The Nigerian naira has been losing purchasing power for three days in a row due to the country’s current foreign exchange crisis. Midway through the week, despite the anticipated $3 billion loan from the African Import-Export Bank, pressures on the FX market grew stronger.
With the poor supply side, it appears that the excitement around the Central Bank of Nigeria’s (CBN) decision to reinstate Bureau de Change (BDC) operators in the FX management chain has also subsided.
Nigeria had to start over since the monetary authority’s politically motivated choice had been a mistake. While trying to boost the performance of the private sector, the nation is at a disadvantage because the FX difference between exchange rates across the market has grown.
“Devaluation was done wrongly –There was no critical analysis of the apex bank decision to float the naira, the need to settle FX backlog and total analysis of what could go wrong in between.

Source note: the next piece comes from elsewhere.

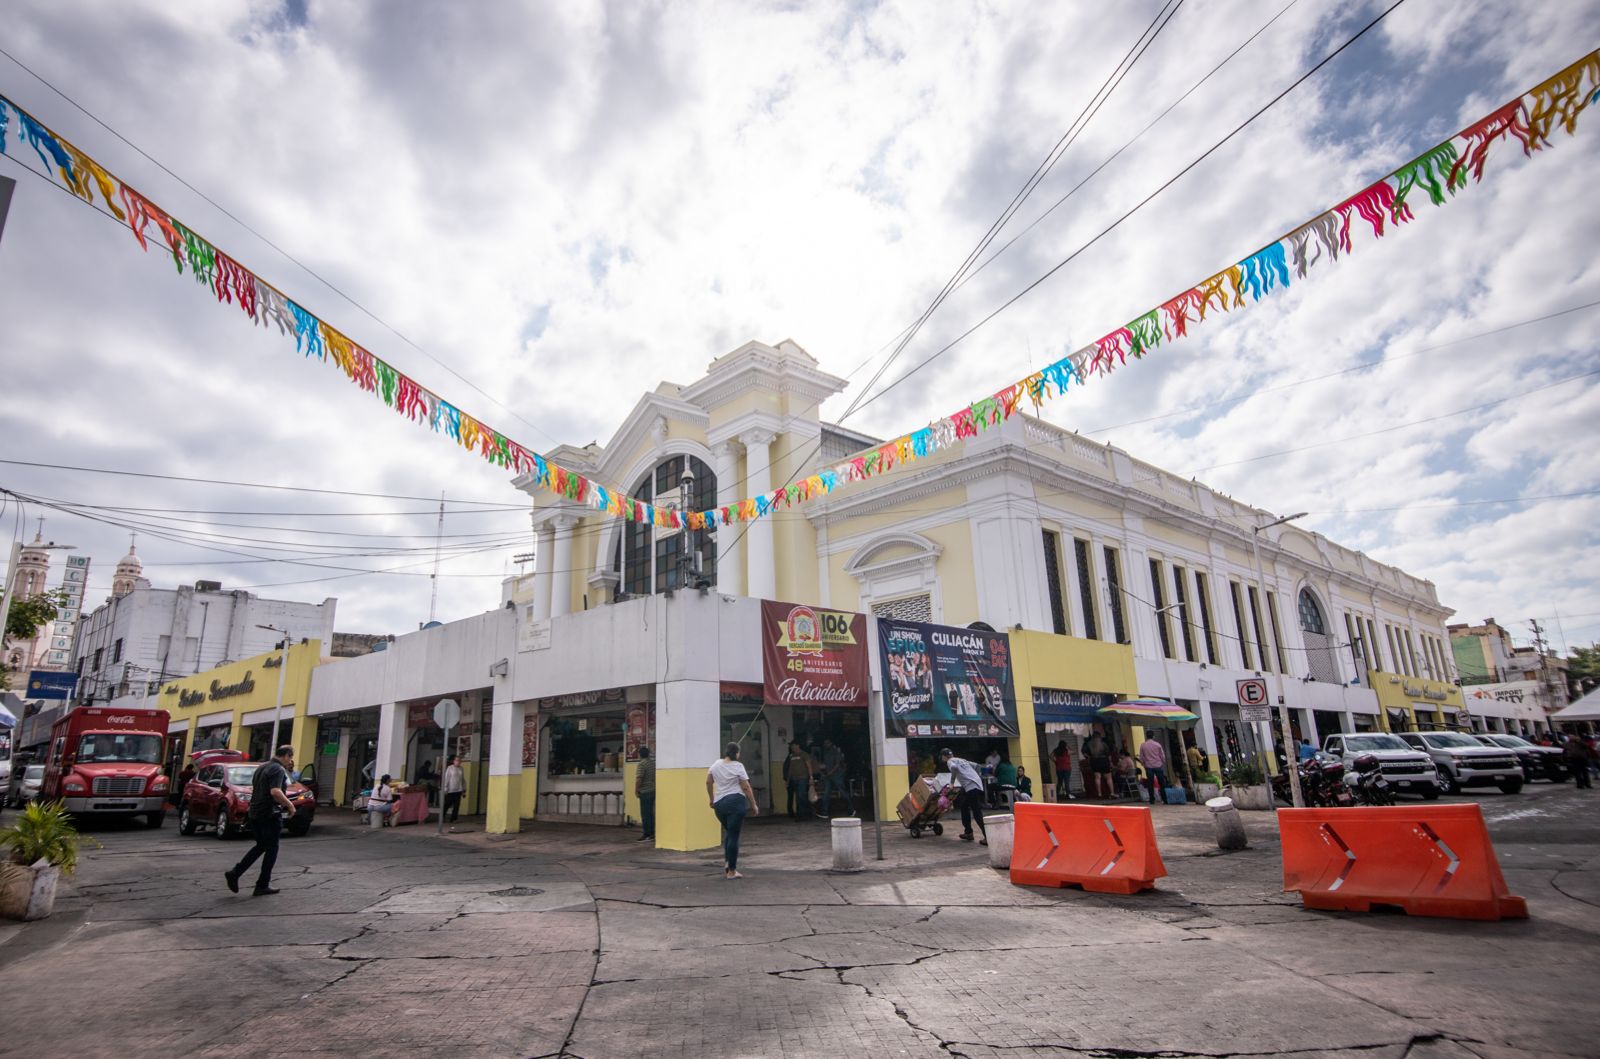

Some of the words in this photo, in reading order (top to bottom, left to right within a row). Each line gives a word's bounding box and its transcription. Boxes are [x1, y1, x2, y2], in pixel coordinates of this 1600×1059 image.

“Nigerians don’t benefit from naira devaluation – if they do, the authority should come out and explain how the recent decision positively affected the citizen – for me, it was not well thought through. It is a continuation of colonial mentality that we should reduce the value of our local currency against the dominant US dollar”.
In their separate results, consumer goods, and telecom companies reported large losses due to fluctuation in exchange rates. At the investors and exporters FX window on Wednesday, the Naira weakened against the US dollar at the Investors and Exporters (I&E) windows, trading at N773.43 from N770.72 on Tuesday.
Conversely, the parallel remained unchanged, with the Naira closing at N900 while hope for fx accretion into external reserves fell. The oil market has switched into bearish mode as Iran floods the global market with crude.
Brent crude fell 1.03% to $83.17 per barrel, while WTI crude lost 0.96% to $78.88 per barrel. Oil futures were lower, fueled by disappointing PMI data as the S&P flash Global Composite PMI contracted to 50.4 (from 52), while the US Manufacturing PMI dropped to 47 (from 49).
Elsewhere, gold was trading near $1,915 per ounce (+0.93%), supported by improved demand for bullion amid lacklustre PMI data, which pushed US treasury yields downwards.